What is Turnberry?


Turnberry, the host of this year's British Open, is a golf resort in Scotland that has hosted the even three times before. But the last time the Open Championship was hosted there way back in 1994.
What is this place? Here are some facts about Turnberry.
Built in 1906, Turnberry is a golf resort comprising three links courses in southwestern Scotland. Turnberry is just inland from Dingleberry, a small peninsula that dangles off the coast of Scotland.

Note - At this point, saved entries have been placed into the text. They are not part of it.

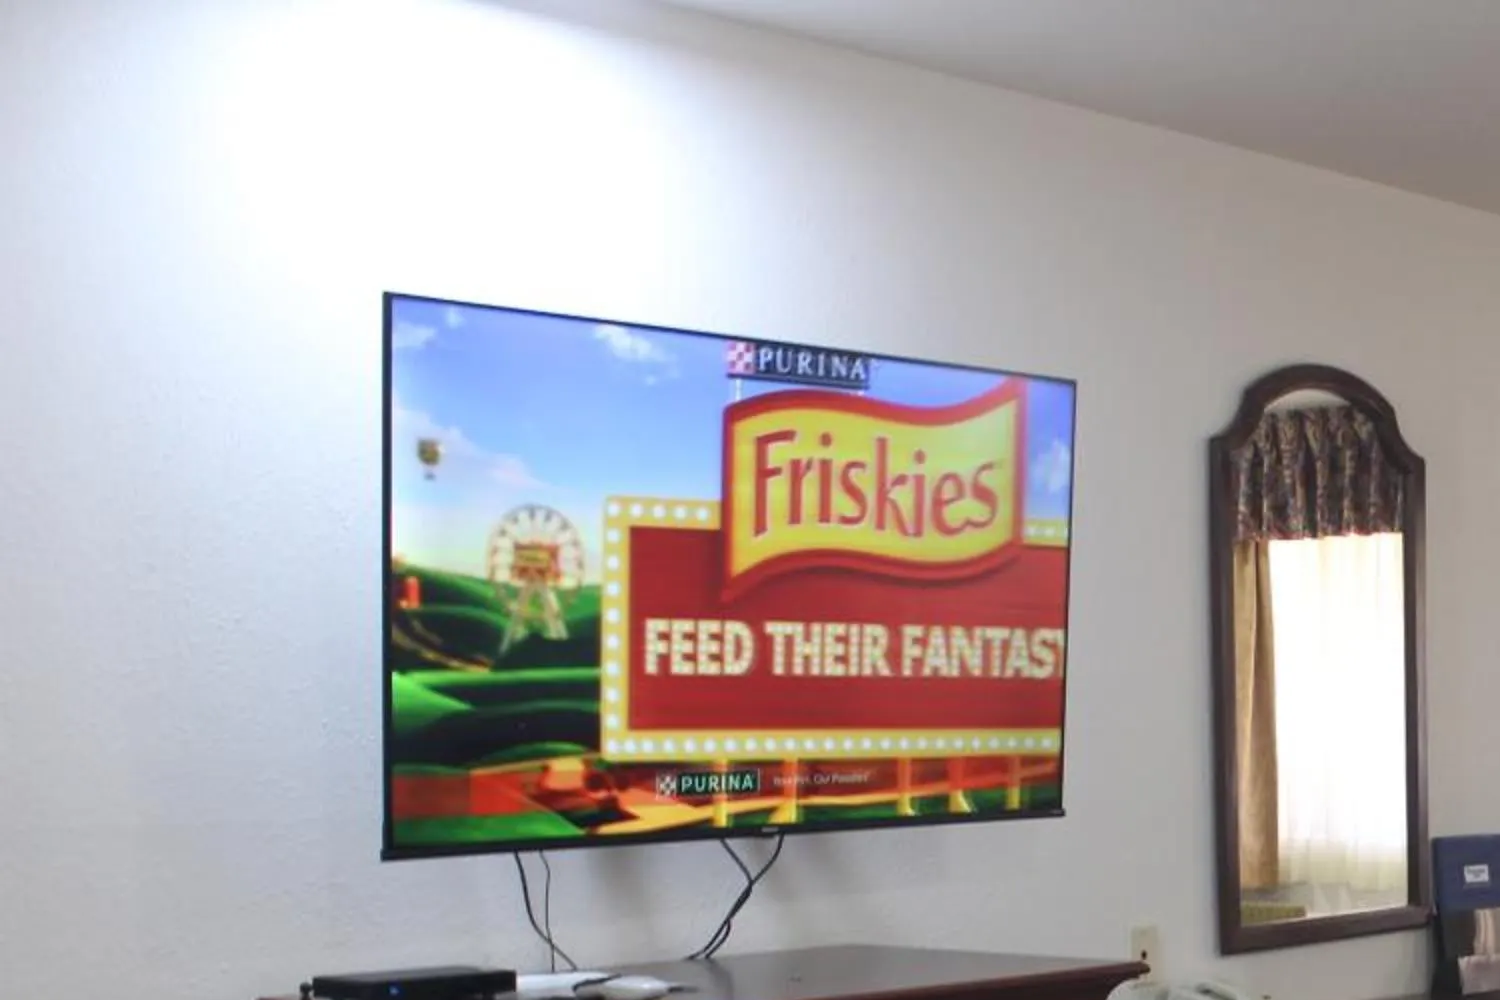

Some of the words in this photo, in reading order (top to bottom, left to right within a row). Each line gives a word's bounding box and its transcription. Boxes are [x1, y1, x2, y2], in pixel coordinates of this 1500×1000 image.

[758, 346, 866, 380] PURINA
[753, 429, 1000, 538] Friskies
[644, 617, 755, 676] FEED
[763, 620, 893, 677] THEIR
[681, 773, 754, 792] PURINA

During World War II, Turnberry was used as an airfield. While the course contains many treacherous pot bunkers, Turnberry’s most difficult hazards are the many still active landmines. Greg Norman famously choked in the ’94 Open by stepping on a land mine on the 17th hole on Sunday with a two-stroke lead.
In the first Open Championship played at Turnberry in 1977, Tom Watson beat Jack Nicklaus by one stroke in a contest that was dubbed the “Duel in the Sun.” The two men used their putters to stage a dramatic “sword” fight down the 18th fairway, with Watson finishing Nicklaus off by impaling him with the flagstick on the 18th green to thunderous applause.
Like Bethpage Black on Long Island, Turnberry is one of the few public courses used for major championships. The other best known course is Augusta National, home of the Masters, which is open to most any rich, white, Protestant, blue blood members of the public who want to play there, as long as they are willing to pay a six or seven figure membership fee and sign a secrecy agreement. So, semi-public, I guess.
Turnberry is known for it’s iconic lighthouse. Golfers who are able to successfully putt the ball through the lighthouse door are rewarded with a coupon for $1 off their next round or a free ice cream at the concession stand.